Core Metrics (7 functions)
anofox_metric_nullness
Measure percentage of NULL values in a column.
Signature:
anofox_metric_nullness(column) → DECIMAL
Returns: Percentage of NULLs (0.0-100.0)
Speed: O(n) full table scan
Example:
SELECT
'email' as column_name,
anofox_metric_nullness(email) as null_percentage
FROM customers;
-- Output: 2.5 (2.5% of emails are NULL)
Interpretation:
- 0%: No missing values (complete)
- 1-5%: Mostly complete
- 5-20%: Significant gaps
- > 20%: Unusable column
anofox_metric_distinctness
Measure percentage of unique values in a column.
Signature:
anofox_metric_distinctness(column) → DECIMAL
Returns: Percentage of unique values (0.0-100.0)
Speed: O(n) with dedup
Example:
SELECT
anofox_metric_distinctness(customer_id) as id_uniqueness,
anofox_metric_distinctness(country) as country_uniqueness
FROM customers;
-- Output:
-- id_uniqueness: 100.0 (each customer has unique ID)

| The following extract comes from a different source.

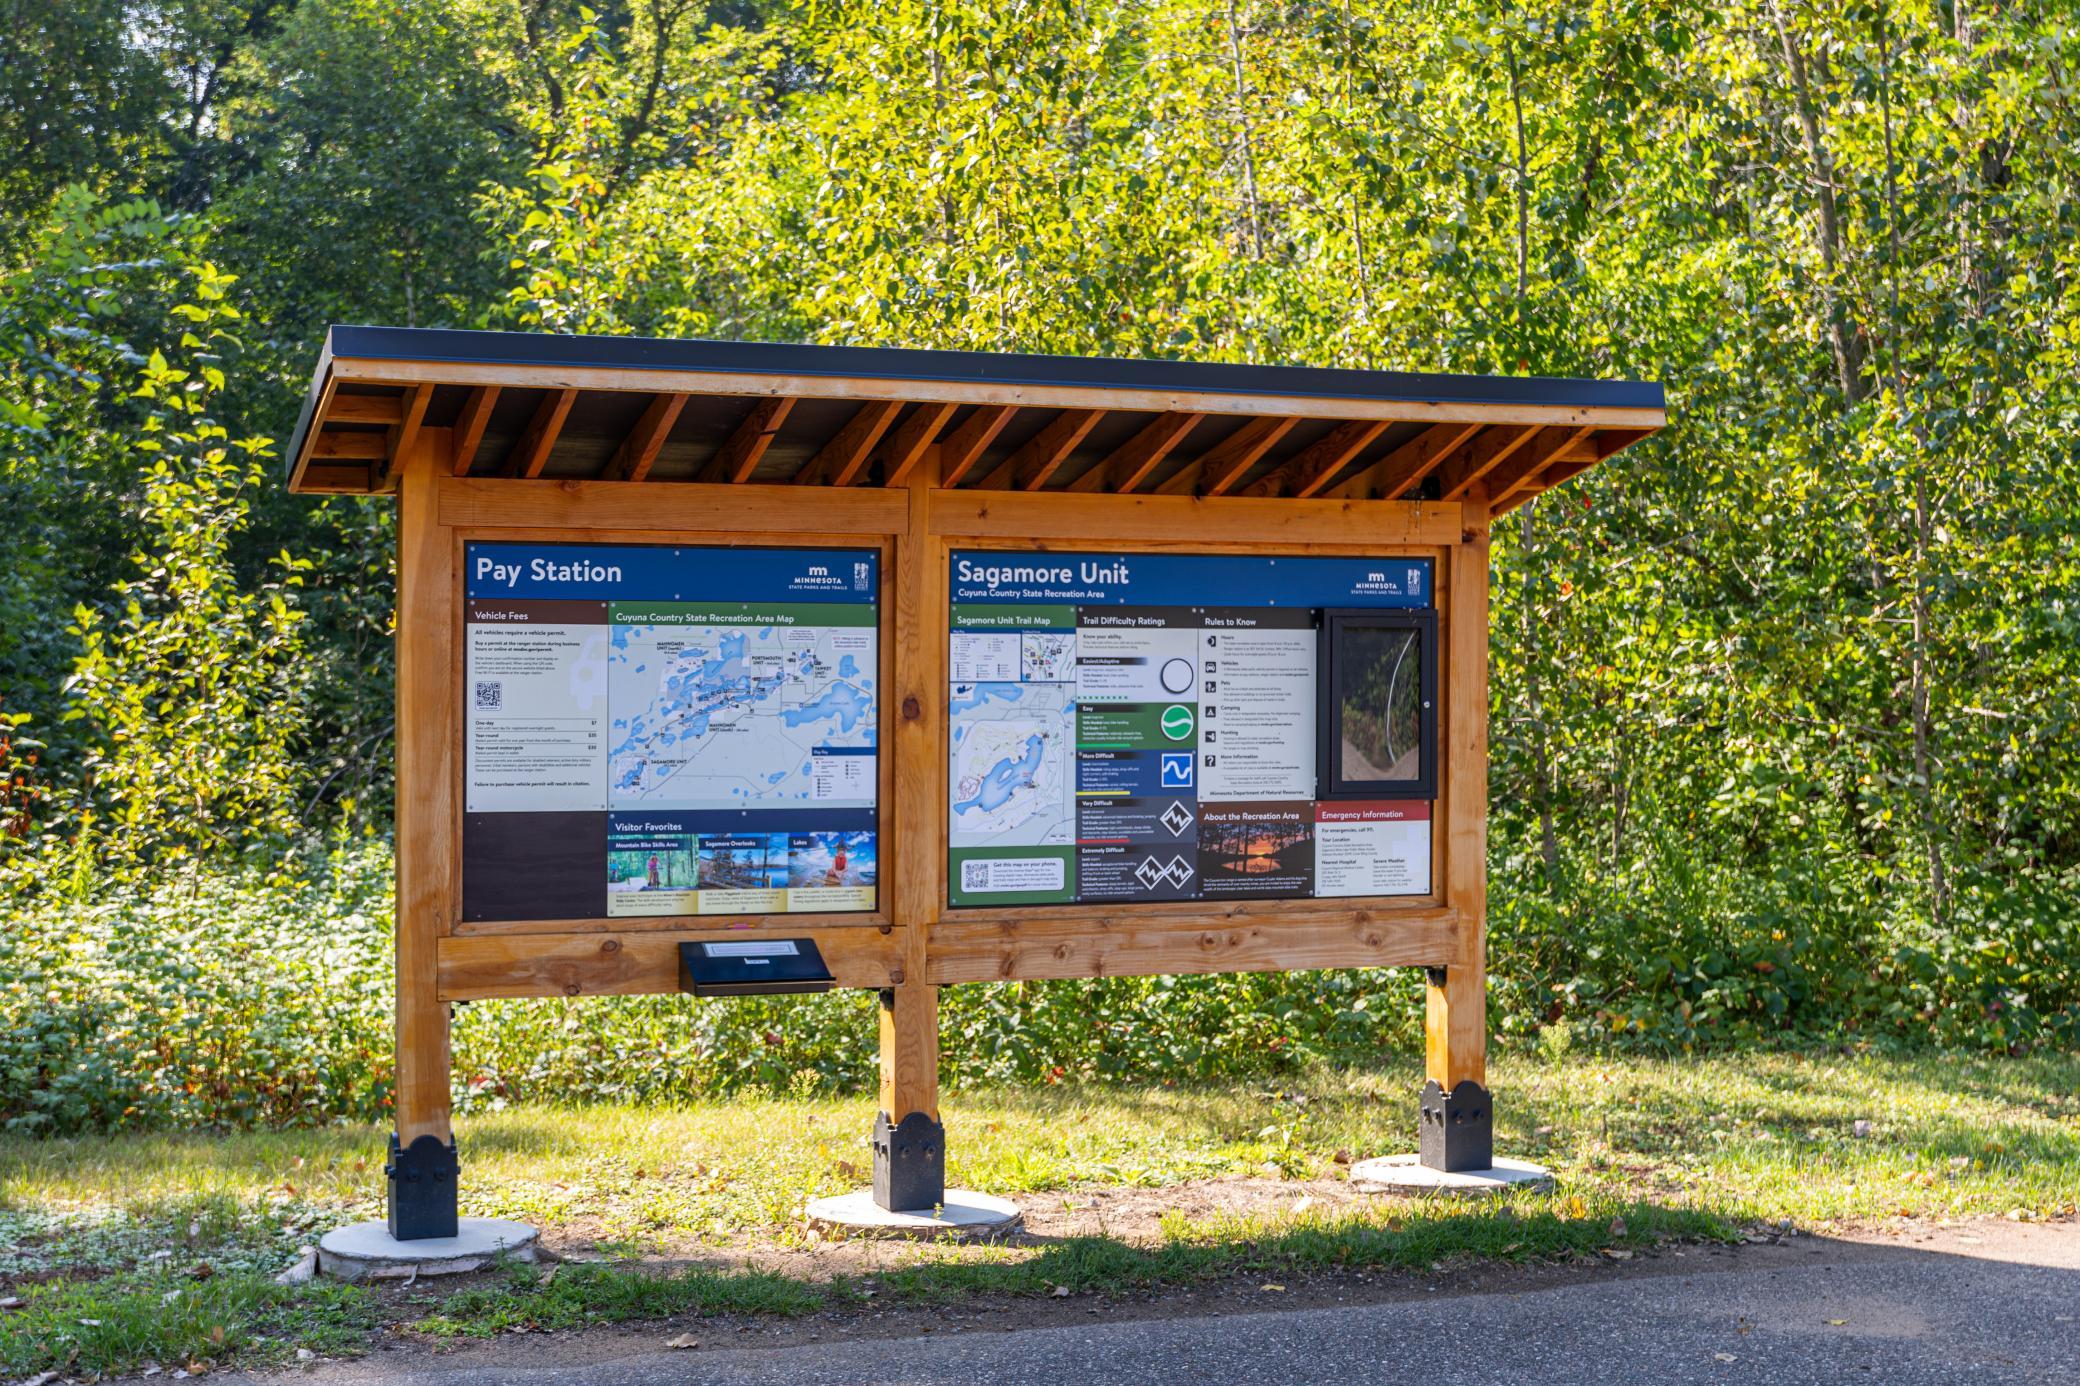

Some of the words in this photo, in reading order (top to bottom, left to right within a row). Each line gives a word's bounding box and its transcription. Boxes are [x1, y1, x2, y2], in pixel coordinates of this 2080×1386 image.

-- country_uniqueness: 5.2 (only 5 countries represented)
Interpretation:
- 100%: All unique (key column)
- 50-100%: High diversity
- 10-50%: Moderate categorization
- < 10%: Heavily concentrated
anofox_metric_freshness
Measure days since most recent update.
Signature:
anofox_metric_freshness(date_column) → DECIMAL
Returns: Age in days since MAX(date_column)
Speed: O(n)
Example:
SELECT
anofox_metric_freshness(updated_at) as days_since_update
FROM customers;
-- Output: 3 (most recent update was 3 days ago)
Interpretation:
- 0-1 days: Real-time (fresh)
- 1-7 days: Current (acceptable)
- 7-30 days: Stale (aging)
- > 30 days: Very stale (likely unused)
anofox_metric_volume
Get row count of table.
Signature:
anofox_metric_volume(table_name VARCHAR) → INTEGER
Returns: Number of rows
Speed: O(1)
Example:
SELECT
anofox_metric_volume('customers') as customer_count,
anofox_metric_volume('transactions') as transaction_count;
-- Output:
-- customer_count: 125000
-- transaction_count: 8500000
anofox_metric_consistency
Measure format consistency across column.
Signature:
anofox_metric_consistency(column) → DECIMAL
Returns: Percentage of values matching dominant format (0.0-100.0)
Speed: O(n)
Example:
SELECT
anofox_metric_consistency(phone) as phone_format_consistency
FROM customers;
-- Output: 75.5 (75.5% of phones follow same format)
Interpretation:
- > 95%: Highly consistent
- 80-95%: Mostly consistent
- 50-80%: Inconsistent (may need normalization)
- < 50%: Very inconsistent (data quality issue)
anofox_metric_schema_match
Check if two tables have compatible schemas.
Signature:
anofox_metric_schema_match(table1 VARCHAR, table2 VARCHAR) → BOOLEAN
Returns: TRUE if schemas match
Speed: O(1)
Example:
SELECT anofox_metric_schema_match('customers', 'customers_backup');
-- Output: true (both have same columns and types)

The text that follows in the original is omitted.